Question

Solve 3a²x² + 11abx + 6b² = 0 , a ≠ 0,
Find out the solution set,
Ans : { -3b/a , -2b/3a }

Answer 1

Answer:

3a^2x^2 + 11abx + 6b^2 = 0

=> 3a^2x^2 + 9abx + 2abx + 6 b^2 = 0

=> 3ax (ax + 3b) + 2b (ax + 3b) = 0

=> (ax + 3b) (3ax + 2b) = 0 [ By Factorization ]

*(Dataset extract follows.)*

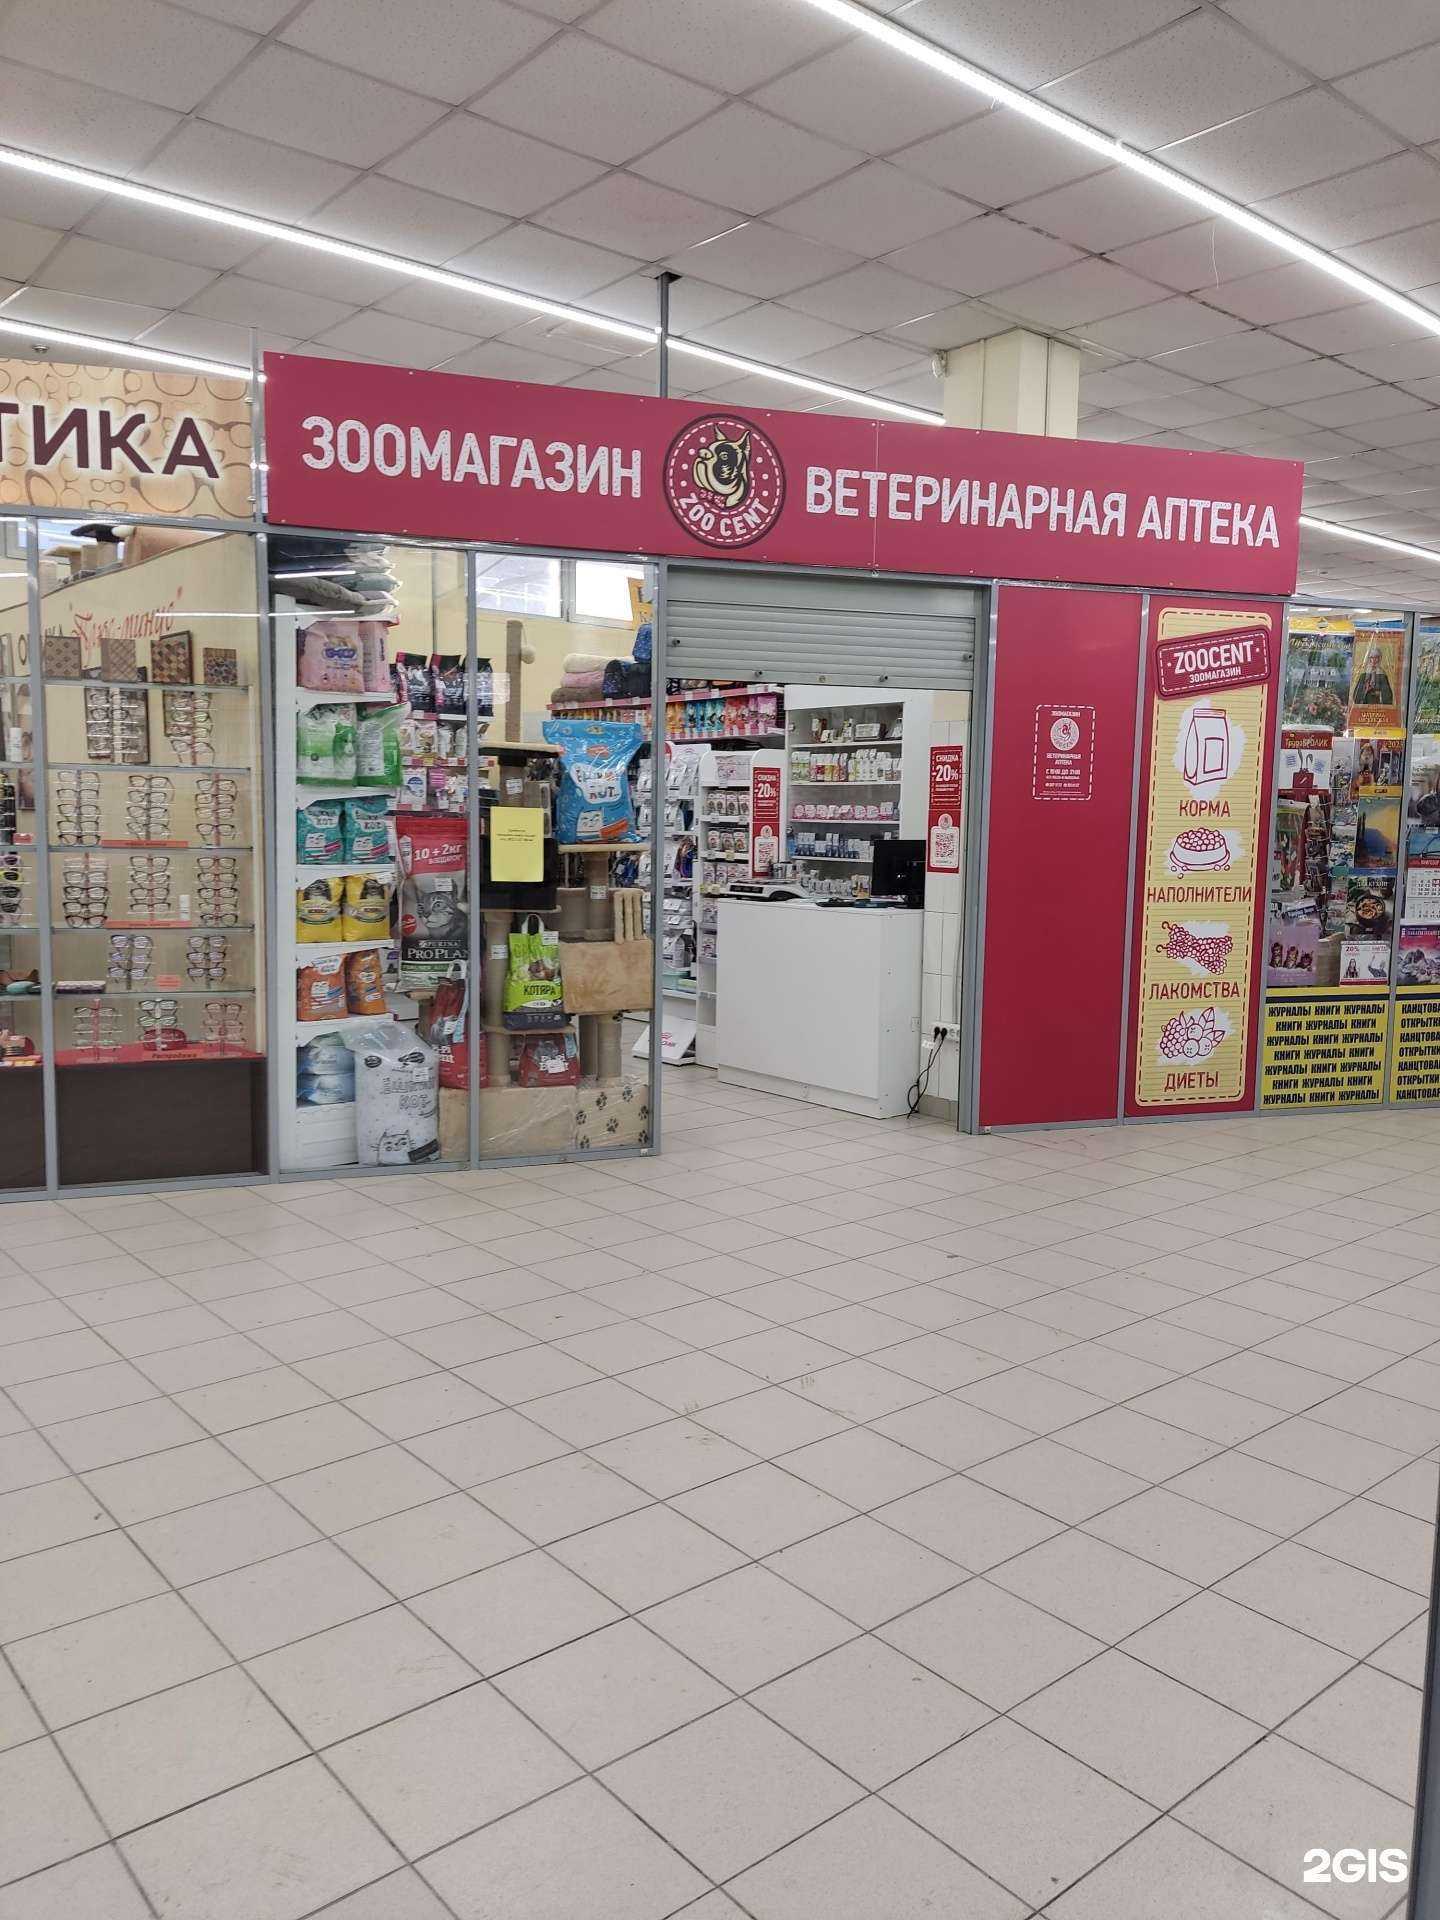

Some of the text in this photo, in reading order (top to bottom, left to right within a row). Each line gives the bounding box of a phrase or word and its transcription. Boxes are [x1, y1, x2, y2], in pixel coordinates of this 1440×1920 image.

=> ax + 3b = 0 or 3ax + 2b = 0

[ Zero product rule ]

Step-by-step explanation:

@darkaoul

Answer 2

Given :

$3a^2x^2+11abx+6b^2=0 \: ; \: a\neq0$

To find :

We have to find the roots/solutions for the given equation/polynomial.

Solution :

The polynomial $3a^2x^2+11abx+6b^2=0$ where $a\neq0$, is similar to that of a quadratic equation which is in the form of $ax^2+bx+c=0~~[a\neq0]$. Here :

• $a = 3a^2$

• $b = 11ab$

• $c = 6b^2$

Now, by the quadratic formula, we'll find the roots/solutions :

• First root/solution :

${\underline {\boxed{{x= \frac{-b + \sqrt{b^2-4ac} }{2a } }}}}$

$:\implies x= \dfrac{-(11ab) + \sqrt{(11ab)^2-4(3 {a}^{2} )(6 {b}^{2} )} }{2(3 {a}^{2} )}$

$:\implies x= \dfrac{-11ab+ \sqrt{121a^2b^2-4(18 {a}^{2} {b}^{2} )} }{6 {a}^{2} }$

$:\implies x= \dfrac{-11ab + \sqrt{121 {a}^{2} {b}^{2} - 72 {a}^{2} {b}^{2} } }{6 {a}^{2} }$

$:\implies x= \dfrac{-11ab + \sqrt{49a^2b^2} }{6a^2}$

$:\implies x= \dfrac{ - 11ab + 7ab}{6 {a}^{2} }$

$:\implies x= \dfrac{ - 4ab}{6 {a}^{2} }$

$:\implies x= \dfrac{-\cancel{2a}(2b)}{\cancel{2a}(3a)}$

$\underline {\boxed{\therefore \: x= \frac{-2b}{3a} }}$

• Second root/solution :

$\underline{\boxed{x= \dfrac{-b- \sqrt{b^2-4ac}}{2a}}}$

$:\implies x= \dfrac{-11ab - \sqrt{(11ab)^2-4(3a^2)(6b^2)} }{2(3a)^2}$

$:\implies x= \dfrac{ - 11ab \sqrt{121 {a}^{2} {b}^{2} - 4(18 {a}^{2} {b}^{2}) } }{6 {a}^{2} }$

$:\implies x= \dfrac{-11ab- \sqrt{121a^2b^2 - 72a^2b^2} }{6 {a}^{2} }$

$:\implies x= \dfrac{ - 11ab - \sqrt{49 {a}^{2} {b}^{2} } }{6 {a}^{2} }$

$:\implies x= \dfrac{ - 11ab - 7ab}{6 {a}^{2} }$

$:\implies x= \dfrac{ - 18ab}{6 {a}^{2} }$

$:\implies x= \dfrac{ - \cancel{6a}(3b)}{\cancel{6a}(a)}$

$\underline {\boxed{\therefore \: x= \dfrac{-3b}{a} }}$

_____________________

Hence, the roots are $\dfrac{-2b}{3a}$ and $\dfrac{-3b}{a}$.